To all of you boys who are convinced that girls are as sex-obsessed as you are, that we waste away hours in search of the perfect orgasm; to all of you who utilize visions of naked sweat-laden girls pleasuring themselves to aid your own quest for climax, you may rest assured that your dreams are a reality. To all of you ladies who believe that all females conquer our boredom by baking cookies and having sing-a-longs like you do, well, you obviously don’t have friends like me. I love to masturbate. I love to talk about my love of masturbation almost as much as I enjoy the act itself. If you don’t believe me, come over to my house, on any day of the week, and wait for me to burst out of my room, red-faced and glowing, itching to give my roommates a play-by-play of my latest rendezvous with my vibrator.

My love affair with vibrators all began about a month ago, when my friend and I decided that a vibrator would be the perfect way to pass a lazy afternoon, and went on the ultimate shopping trip. I was fed up not only by my sex slump, but by the fact that all of my human sexual partners thus far have failed to provide me with an orgasm. Considering that I have now been let in on the secret that the orgasm is the meaning of life, the very reason that males and females were placed on this earth, I severely regret the nineteen years I spent in oblivion. Ignorance is not bliss, orgasm is bliss.
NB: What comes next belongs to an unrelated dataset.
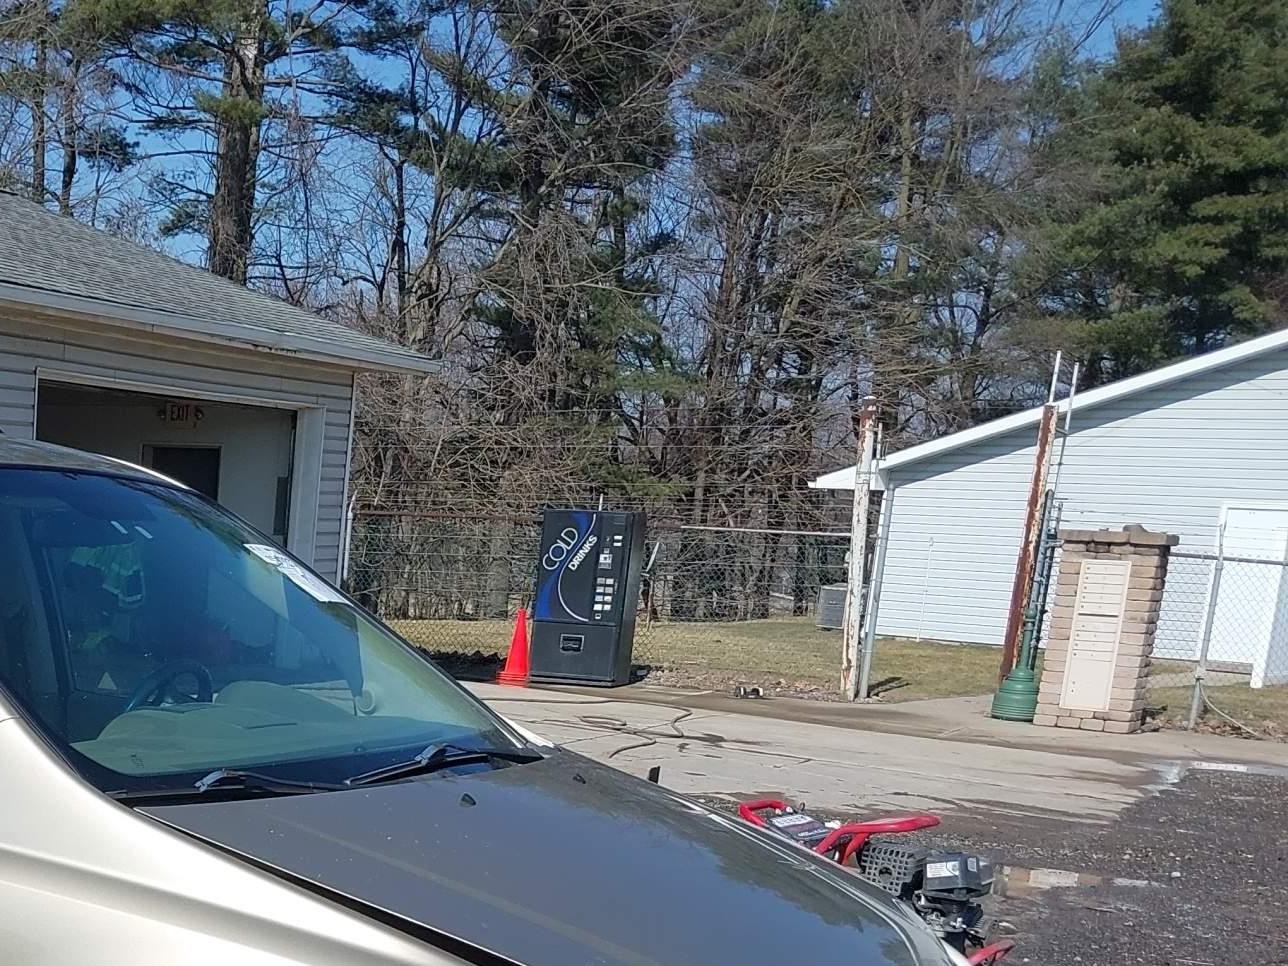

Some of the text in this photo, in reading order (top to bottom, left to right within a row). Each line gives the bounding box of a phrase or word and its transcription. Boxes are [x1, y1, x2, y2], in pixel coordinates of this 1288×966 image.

[170, 404, 192, 422] EXIT
[542, 527, 579, 570] COLD
[568, 534, 598, 571] DRINKS
But I digress: Back to the search for the replacement dick, the glorious piece of plastic that would, unbeknownst to me, become my favored partner in crime, my preferred companion for a Tuesday afternoon, or for that matter, a Tuesday morning… or a Wednesday, or Thursday, or Friday. (Sorry, roomies, I guess you haven’t seen a lot of me lately, but can you get me off?) The sun was setting as my friend and I wandered into the aptly named Adult Store on State Street. Our mission was clear: I was Goldilocks, and my vibrator needed to be just right. If you’ve ever been to a sex shop, and I know you have, then you know about the never-ending wall of dildos. We were overwhelmed by the explosion of colors, textures, tastes, lengths, widths and consistencies. The best part was the variety of names: Mr. Feelgood, My First Vibe, Cowboy and, my personal favorite, the Crystal Cock. After empirical examination and comparison of the attributes of each choice, we came to the consensus that the mid-sized, purple, “turbo-charged” magic stick would do the job. It didn’t even matter that there was no name on the package, because inspiration stuck with one look at the beautiful wand: My eight inches of pure pleasure would be known as Mr. Lavender.
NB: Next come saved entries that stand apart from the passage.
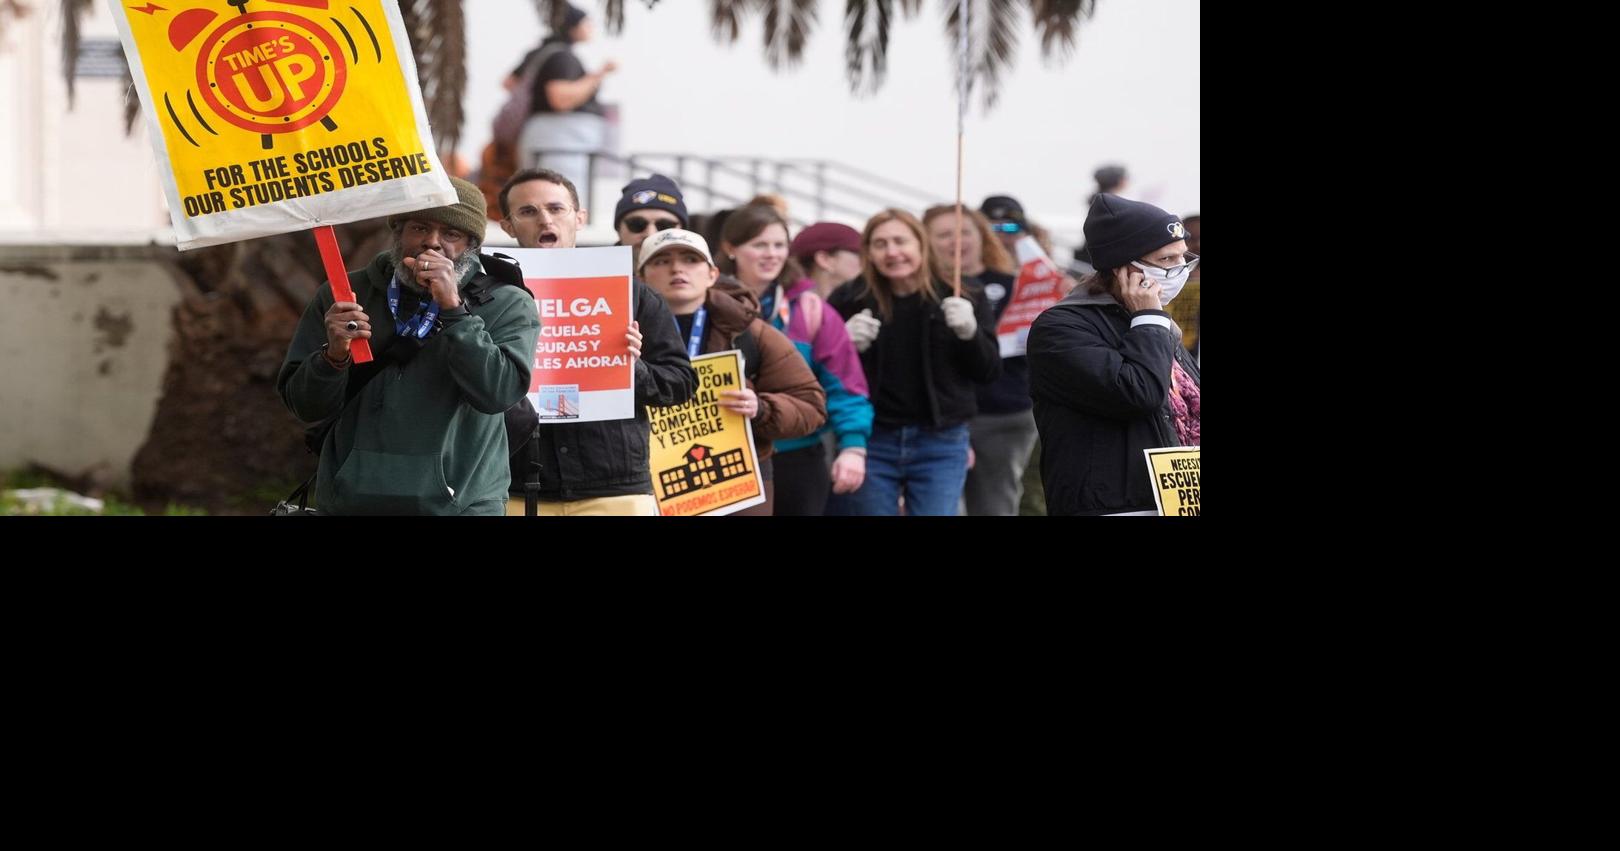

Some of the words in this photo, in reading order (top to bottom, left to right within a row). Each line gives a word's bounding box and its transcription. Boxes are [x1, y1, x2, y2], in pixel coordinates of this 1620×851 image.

[223, 35, 296, 72] TIME'S
[232, 53, 316, 112] UP
[204, 164, 243, 190] FOR
[249, 156, 286, 181] THE
[293, 137, 389, 174] SCHOOLS
[183, 191, 226, 217] OUR
[232, 172, 335, 208] STUDENTS
[338, 153, 431, 186] DESERVE
[540, 324, 601, 337] CUELAS
[590, 340, 601, 352] Y
[533, 357, 562, 370] LES
[565, 355, 628, 369] AHORA!
[703, 372, 733, 389] CON
[650, 404, 719, 435] COMPLETO
[657, 435, 666, 448] Y
[669, 418, 724, 445] ESTABLE
[1178, 489, 1200, 506] PER
And, as they say, the rest is history. I filled that baby up with batteries and fired it up as soon as I sat down in my friend’s car; it was all I could do not to tear my thong off right there in the front seat and consummate my relationship with Mr. Lavender in front of my friend, not to mention all of the commuters on the 101. But I waited. And let me tell you, the drive from State Street to Trigo Road has never been longer. As soon as I was in the safety of my own room, I put up a pink post-it, coded with “Candyshop, kind of,” set that bad boy to Turbo, and hopped into bed, not to be seen for the duration of three episodes of “Sex and the City” and one of “Laguna Beach.” Girls, if you’ve never used a vibrator, it’s time to go to the bank, withdraw $24.99 (What else were you going to use it for, three salads from Silvergreens and a Rice Krispy Treat?), and head down to the sex shop; you can tell them I sent you. The sad truth is, I don’t think that nearly enough of us are taking the matter of the elusive orgasm into our own hands. I am here to tell you that he can never do for you what Mr. Lavender, or Mr. Whatever, can do for you; all it takes is a flick of the wrist and your fists will be clenched in ecstasy. If you’re anything like me, your legs will be kicking, your breathing will be hard, and you will be physically unable to extract your vibrator from between your legs until your roommate is pounding at the door, inquiring about the screaming she heard coming from inside the room. I spent all of last weekend holed up in my room, under the guise that I was watching documentaries to research my poli sci paper. It was me, “Farenheit 9/11” and Mr. Lavender. And yes, it is possible to masturbate while watching a Michael Moore film, as long as you avoid looking at him.

I only see one problem with my newfound love for vibrators: A guy may never be able to satisfy me in the same way. Oh well, I can always run into the bathroom afterwards for a quickie with a real man, Mr. Lavender. “It’s like having sex with someone you love.”

Dana Olsen is a sophomore communication major.